## TO DO
Without the pictures, give the listing below again exactly.

· · · · · · ·

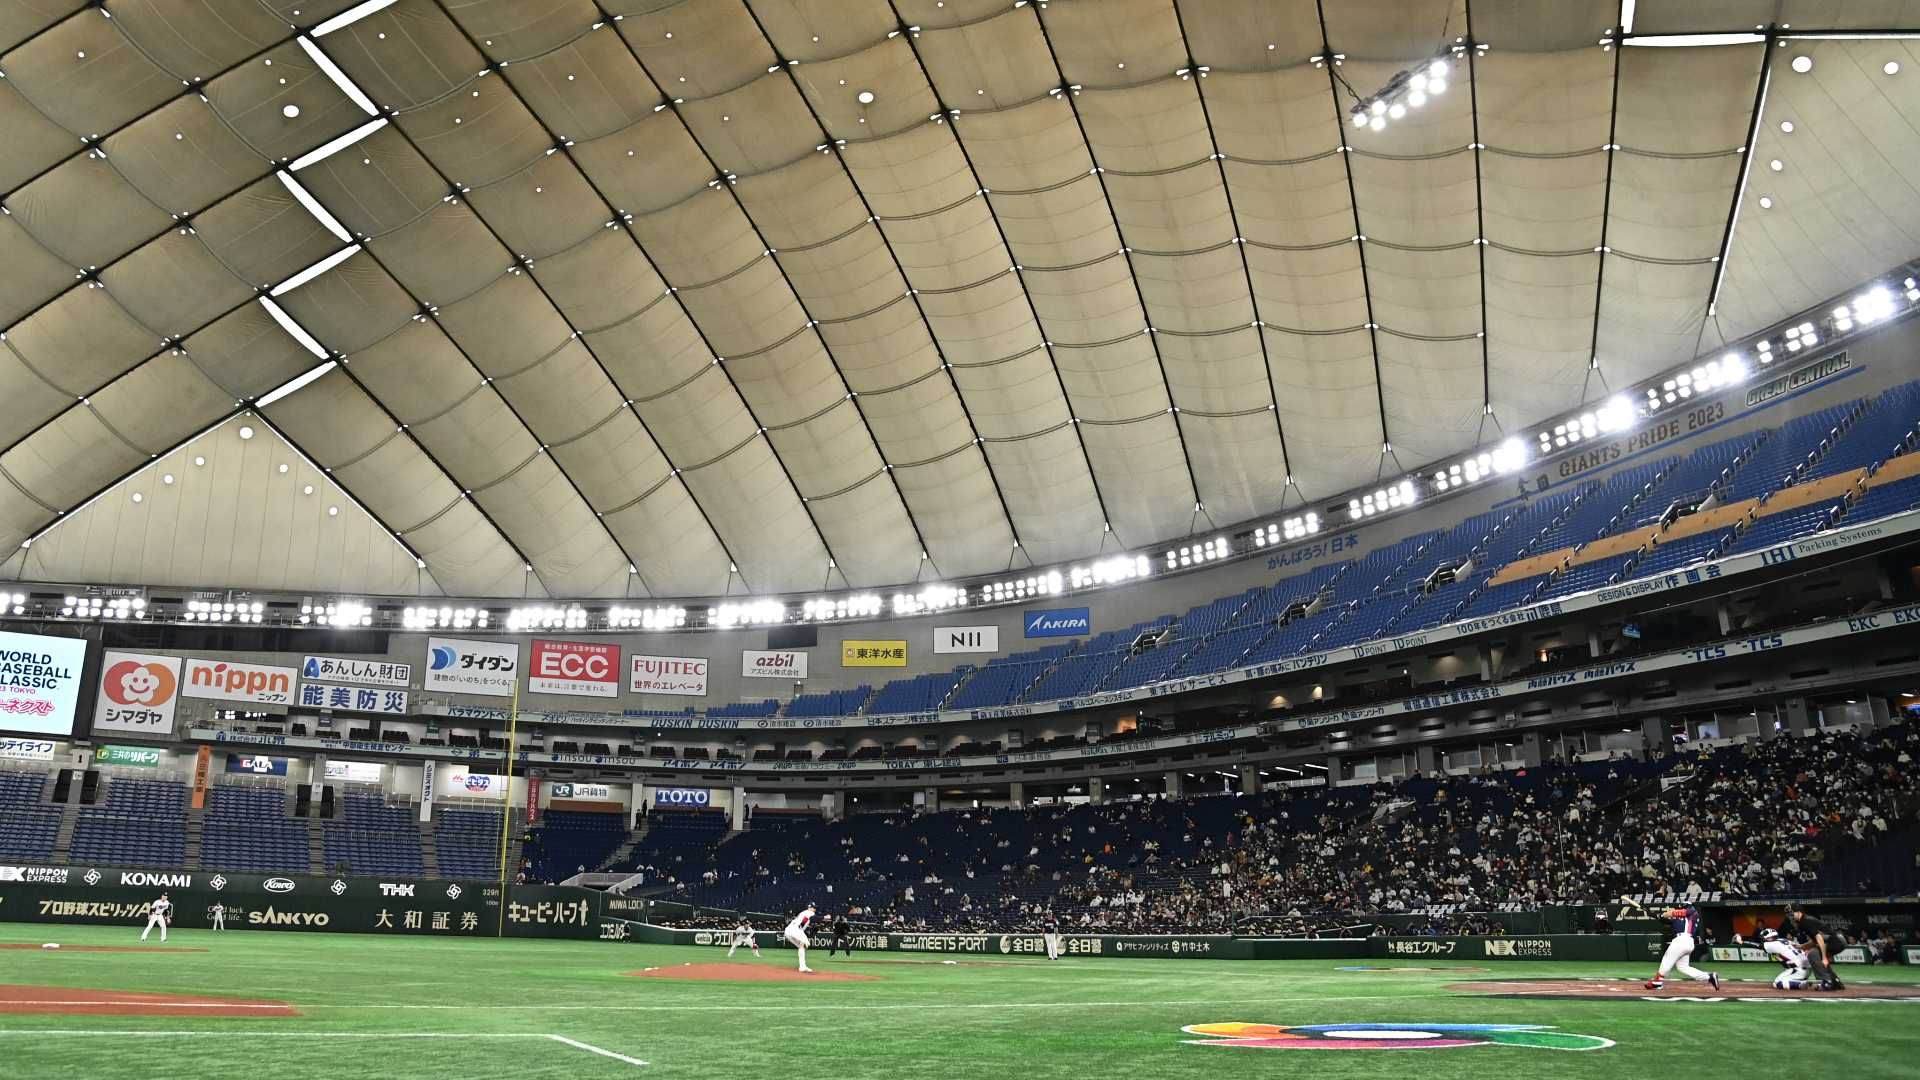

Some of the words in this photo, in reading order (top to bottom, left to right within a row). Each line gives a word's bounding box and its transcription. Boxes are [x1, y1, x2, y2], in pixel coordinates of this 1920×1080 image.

[1560, 442, 1621, 477] GIANTS
[1628, 420, 1679, 453] PRIDE
[1688, 402, 1724, 430] 2023
[1760, 545, 1797, 566] IHI
[1798, 538, 1838, 553] Parking
[1839, 527, 1883, 545] Systems
[1042, 618, 1087, 629] AKIRA
[1848, 615, 1880, 632] EKC
[1406, 636, 1428, 648] POINT
[1695, 645, 1726, 661] TCS
[1747, 634, 1783, 651] TCS
[857, 648, 905, 659] 東洋水産
[1365, 645, 1387, 655] POINT
[0, 650, 52, 665] WORLD
[460, 653, 514, 672] ダイダン
[756, 653, 795, 667] azbil
[0, 662, 72, 679] ASEBALL
[320, 659, 409, 681] あんしん財団
[540, 651, 609, 679] ECC
[634, 659, 706, 679] FUJITEC
[0, 674, 58, 690] LASSIC
[191, 663, 289, 695] nippn
[634, 680, 703, 691] 世界のエレベータ
[10, 686, 36, 694] TOKYO
[257, 692, 288, 702] ニップン
[303, 685, 403, 712] 能美防災
[105, 707, 163, 725] シマダヤ
[651, 719, 693, 728] DUSKIN
[698, 719, 740, 728] DUSKIN
[886, 761, 915, 769] TORAY
[556, 785, 570, 795] JR
[575, 787, 608, 797] JR貨物
[658, 789, 708, 804] TOTO
[27, 875, 68, 883] EXPRESS
[28, 867, 69, 877] NIPPON
[121, 872, 192, 887] KONAMI
[266, 879, 294, 890] Kowa
[380, 883, 415, 897] THK
[609, 899, 627, 910] MIWA
[248, 905, 329, 926] SANKYO
[374, 908, 479, 930] 大和証券
[508, 901, 577, 923] キューピーハーフ
[713, 932, 734, 946] ウエル
[918, 936, 956, 950] MEETS
[958, 936, 988, 951] PORT
[1012, 937, 1045, 952] 全日警
[1068, 938, 1102, 953] 全日警
[1517, 940, 1551, 949] NIPPON
[1181, 941, 1210, 952] 竹中土木
[1396, 941, 1457, 954] 長谷工グループ
[1518, 948, 1552, 956] EXPRESS

· · · · · · ·

## YOUR RESPONSE
Some of the words in this photo, in reading order (top to bottom, left to right within a row). Each line gives a word's bounding box and its transcription. Boxes are [x1, y1, x2, y2], in pixel coordinates of this 1920×1080 image.

[1560, 442, 1621, 477] GIANTS
[1628, 420, 1679, 453] PRIDE
[1688, 402, 1724, 430] 2023
[1760, 545, 1797, 566] IHI
[1798, 538, 1838, 553] Parking
[1839, 527, 1883, 545] Systems
[1042, 618, 1087, 629] AKIRA
[1848, 615, 1880, 632] EKC
[1406, 636, 1428, 648] POINT
[1695, 645, 1726, 661] TCS
[1747, 634, 1783, 651] TCS
[857, 648, 905, 659] 東洋水産
[1365, 645, 1387, 655] POINT
[0, 650, 52, 665] WORLD
[460, 653, 514, 672] ダイダン
[756, 653, 795, 667] azbil
[0, 662, 72, 679] ASEBALL
[320, 659, 409, 681] あんしん財団
[540, 651, 609, 679] ECC
[634, 659, 706, 679] FUJITEC
[0, 674, 58, 690] LASSIC
[191, 663, 289, 695] nippn
[634, 680, 703, 691] 世界のエレベータ
[10, 686, 36, 694] TOKYO
[257, 692, 288, 702] ニップン
[303, 685, 403, 712] 能美防災
[105, 707, 163, 725] シマダヤ
[651, 719, 693, 728] DUSKIN
[698, 719, 740, 728] DUSKIN
[886, 761, 915, 769] TORAY
[556, 785, 570, 795] JR
[575, 787, 608, 797] JR貨物
[658, 789, 708, 804] TOTO
[27, 875, 68, 883] EXPRESS
[28, 867, 69, 877] NIPPON
[121, 872, 192, 887] KONAMI
[266, 879, 294, 890] Kowa
[380, 883, 415, 897] THK
[609, 899, 627, 910] MIWA
[248, 905, 329, 926] SANKYO
[374, 908, 479, 930] 大和証券
[508, 901, 577, 923] キューピーハーフ
[713, 932, 734, 946] ウエル
[918, 936, 956, 950] MEETS
[958, 936, 988, 951] PORT
[1012, 937, 1045, 952] 全日警
[1068, 938, 1102, 953] 全日警
[1517, 940, 1551, 949] NIPPON
[1181, 941, 1210, 952] 竹中土木
[1396, 941, 1457, 954] 長谷工グループ
[1518, 948, 1552, 956] EXPRESS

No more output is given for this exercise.